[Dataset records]
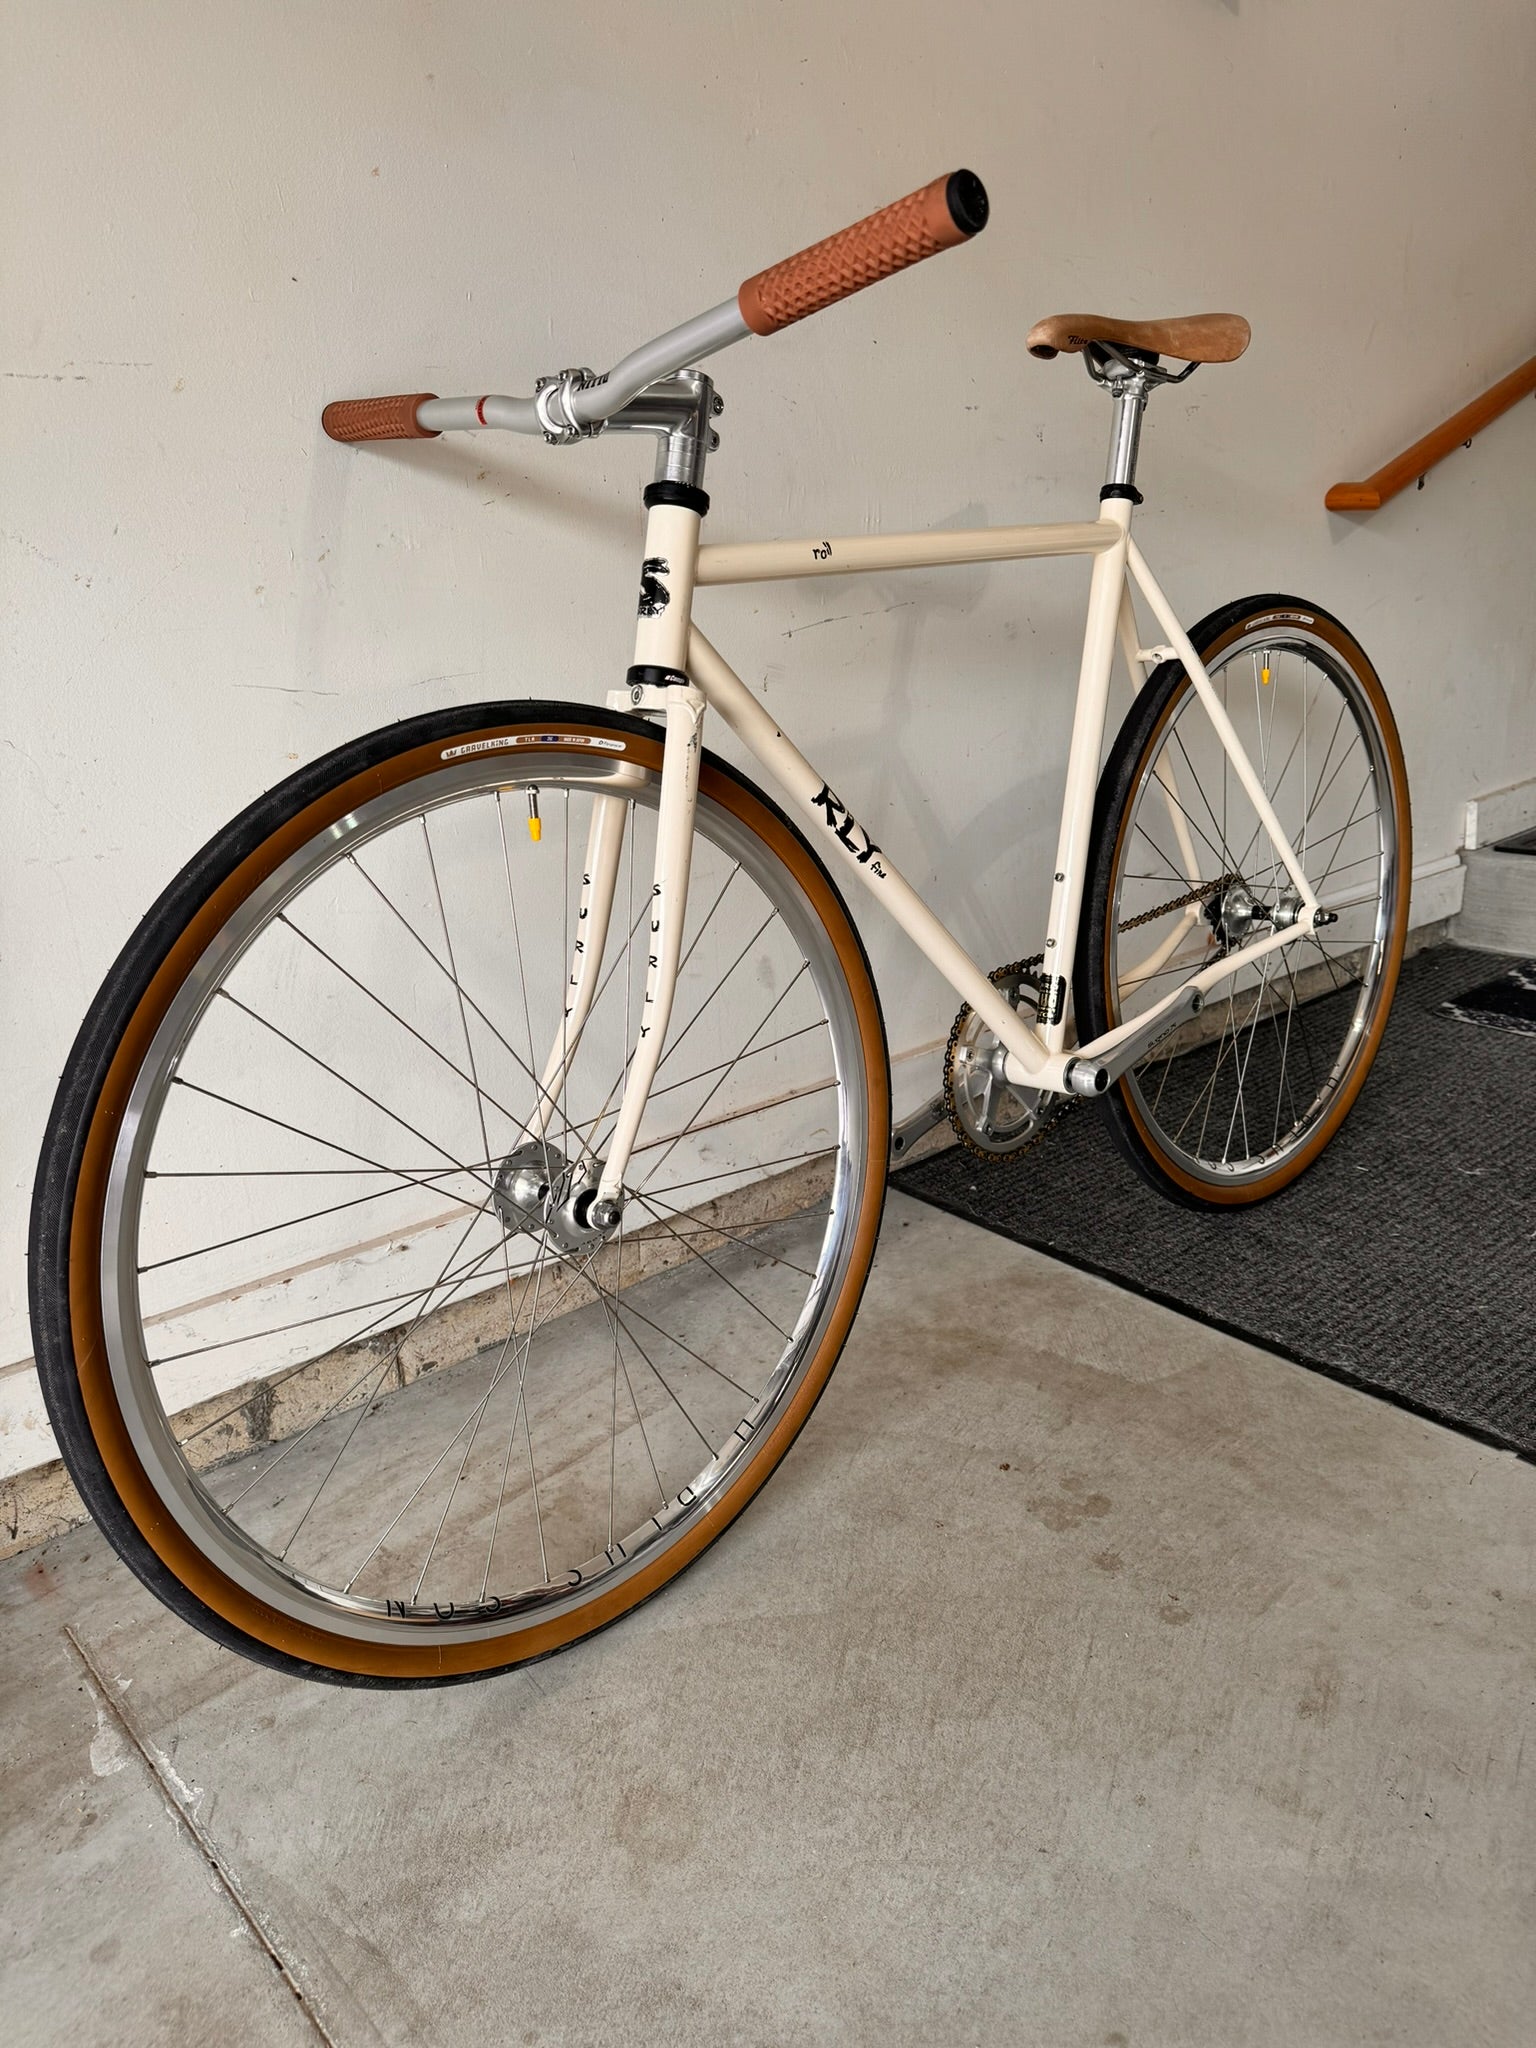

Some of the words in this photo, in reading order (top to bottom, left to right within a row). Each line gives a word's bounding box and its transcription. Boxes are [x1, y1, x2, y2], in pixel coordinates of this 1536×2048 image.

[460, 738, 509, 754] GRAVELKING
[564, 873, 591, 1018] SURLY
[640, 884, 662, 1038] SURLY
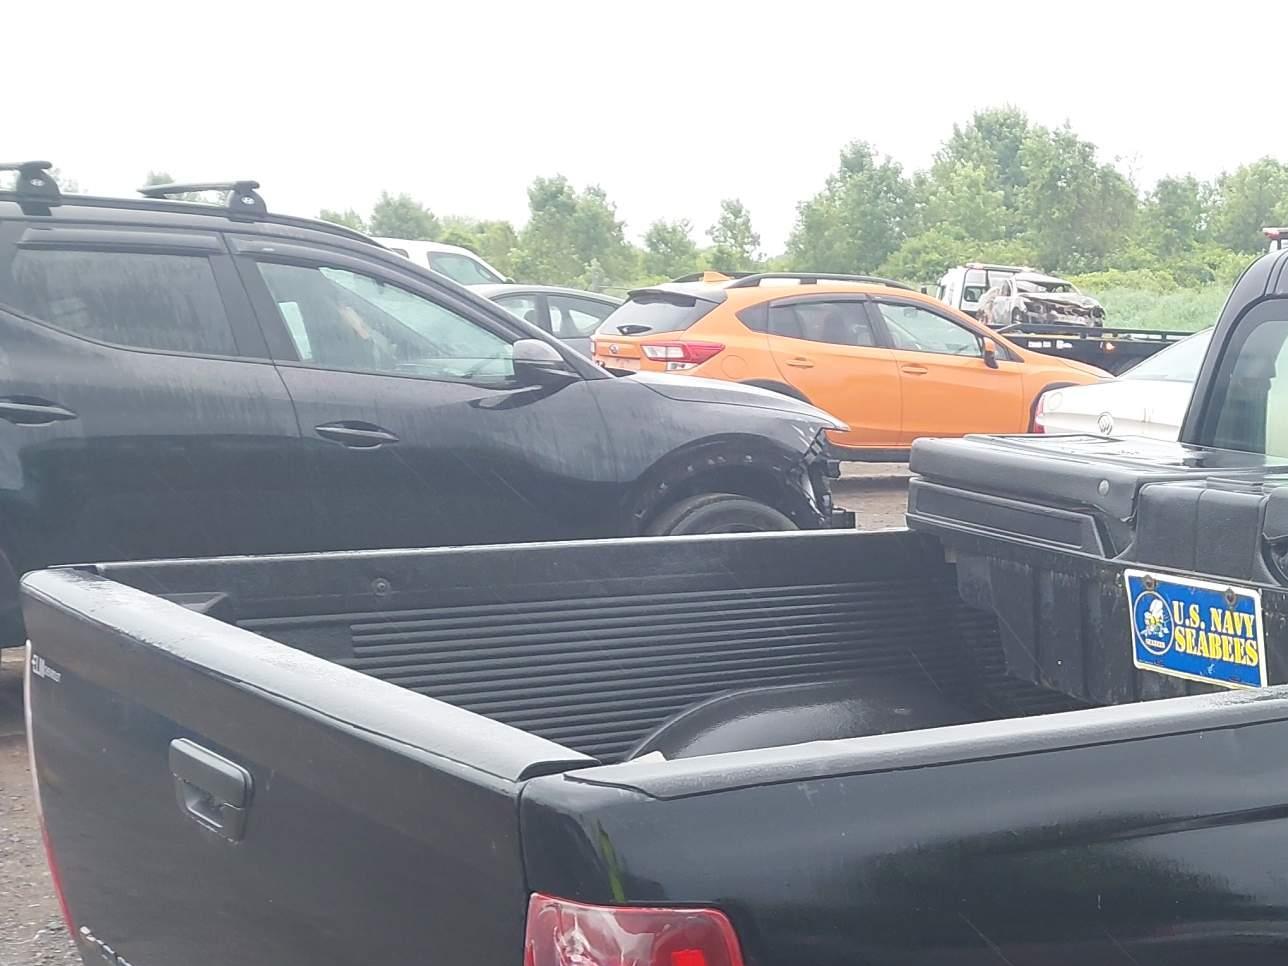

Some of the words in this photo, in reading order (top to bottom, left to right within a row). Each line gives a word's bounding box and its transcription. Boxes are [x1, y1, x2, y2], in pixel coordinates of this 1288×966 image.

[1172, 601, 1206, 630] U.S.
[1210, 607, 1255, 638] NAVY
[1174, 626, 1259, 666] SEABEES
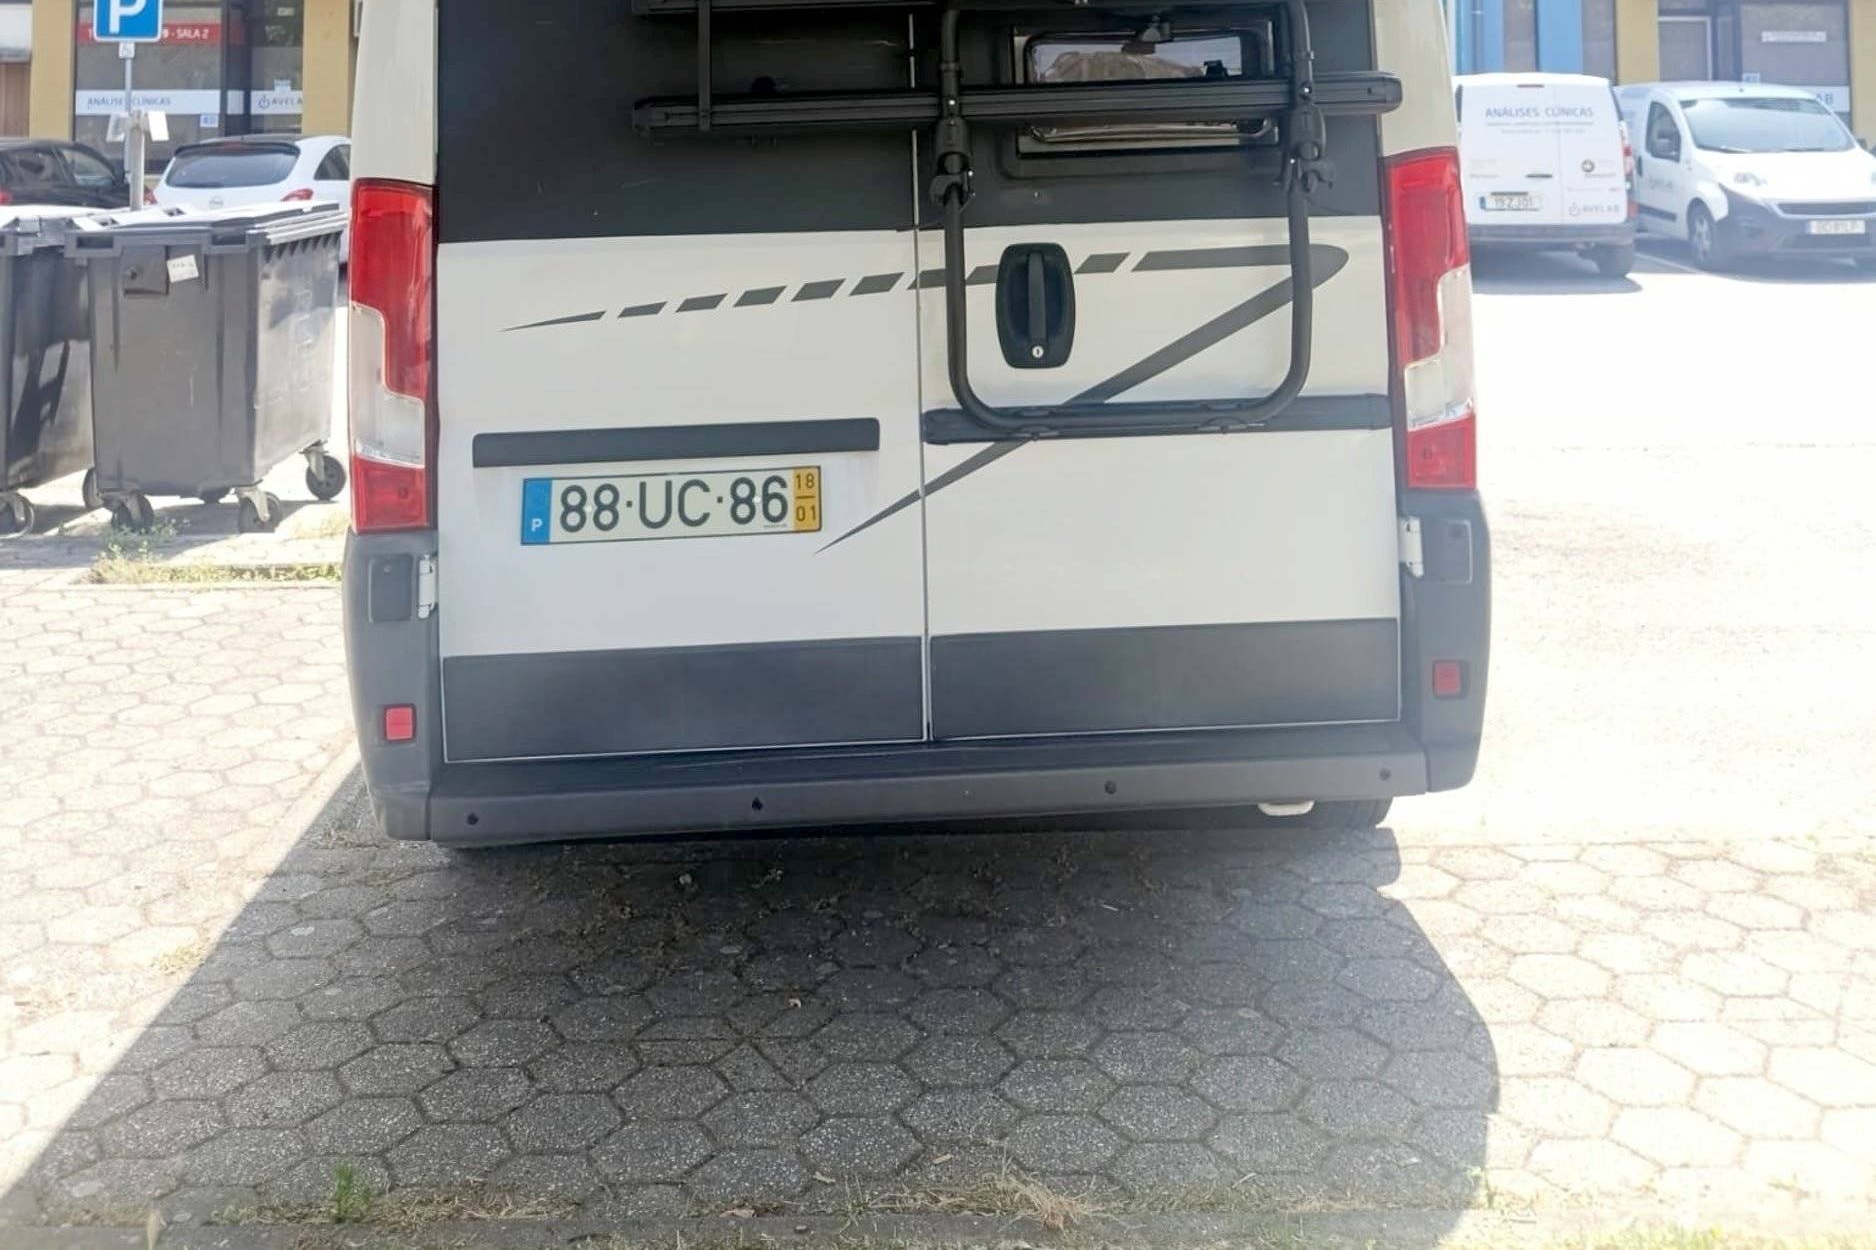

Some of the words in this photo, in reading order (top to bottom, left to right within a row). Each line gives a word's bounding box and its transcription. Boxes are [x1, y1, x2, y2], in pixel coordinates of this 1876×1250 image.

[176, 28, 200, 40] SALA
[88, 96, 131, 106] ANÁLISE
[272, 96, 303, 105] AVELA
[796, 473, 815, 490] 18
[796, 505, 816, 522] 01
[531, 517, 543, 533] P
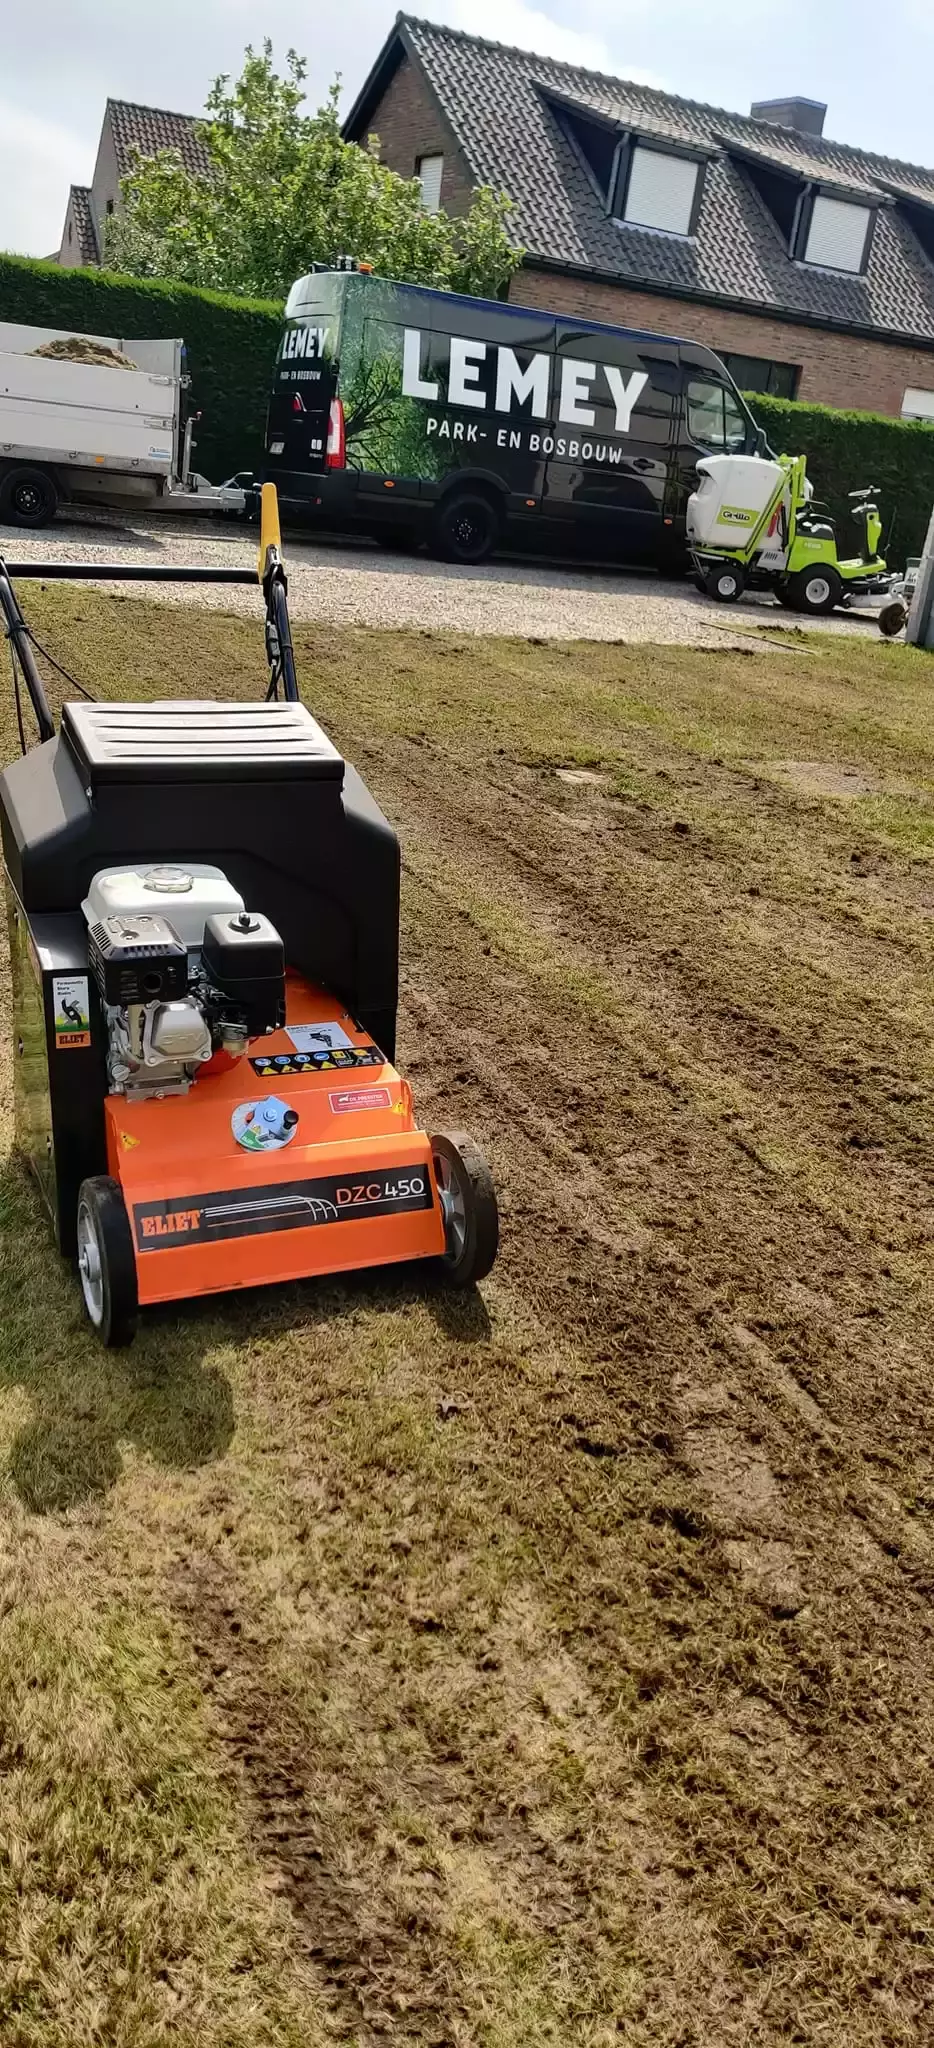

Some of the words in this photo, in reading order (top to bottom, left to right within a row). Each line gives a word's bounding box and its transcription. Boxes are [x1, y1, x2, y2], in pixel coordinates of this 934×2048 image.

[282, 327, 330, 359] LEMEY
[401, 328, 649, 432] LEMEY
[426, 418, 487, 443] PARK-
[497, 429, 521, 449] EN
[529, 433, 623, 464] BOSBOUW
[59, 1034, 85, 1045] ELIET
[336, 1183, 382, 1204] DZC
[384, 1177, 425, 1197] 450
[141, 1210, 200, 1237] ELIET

TO DO =>
Would you return all of the entries unchanged while omitting the images?

EXERCISE OUTPUT =>
Some of the words in this photo, in reading order (top to bottom, left to right within a row). Each line gives a word's bounding box and its transcription. Boxes are [x1, y1, x2, y2], in pixel coordinates of this 1536×2048 image.

[460, 738, 509, 754] GRAVELKING
[564, 873, 591, 1018] SURLY
[640, 884, 662, 1038] SURLY

Some of the words in this photo, in reading order (top to bottom, left to right within a row). Each line gives a word's bounding box and its transcription. Boxes are [x1, y1, x2, y2], in pixel coordinates of this 1288×966 image.

[1172, 601, 1206, 630] U.S.
[1210, 607, 1255, 638] NAVY
[1174, 626, 1259, 666] SEABEES

Some of the words in this photo, in reading order (top to bottom, left to right within a row). Each line gives a word's bounding box and its transcription. Boxes are [x1, y1, x2, y2], in pixel coordinates of this 1876×1250 image.

[176, 28, 200, 40] SALA
[88, 96, 131, 106] ANÁLISE
[272, 96, 303, 105] AVELA
[796, 473, 815, 490] 18
[796, 505, 816, 522] 01
[531, 517, 543, 533] P

Some of the words in this photo, in reading order (top to bottom, left to right within a row). Each line gives a word's bounding box and its transcription. Boxes are [x1, y1, x2, y2], in pixel coordinates of this 934×2048 image.

[282, 327, 330, 359] LEMEY
[401, 328, 649, 432] LEMEY
[426, 418, 487, 443] PARK-
[497, 429, 521, 449] EN
[529, 433, 623, 464] BOSBOUW
[59, 1034, 85, 1045] ELIET
[336, 1183, 382, 1204] DZC
[384, 1177, 425, 1197] 450
[141, 1210, 200, 1237] ELIET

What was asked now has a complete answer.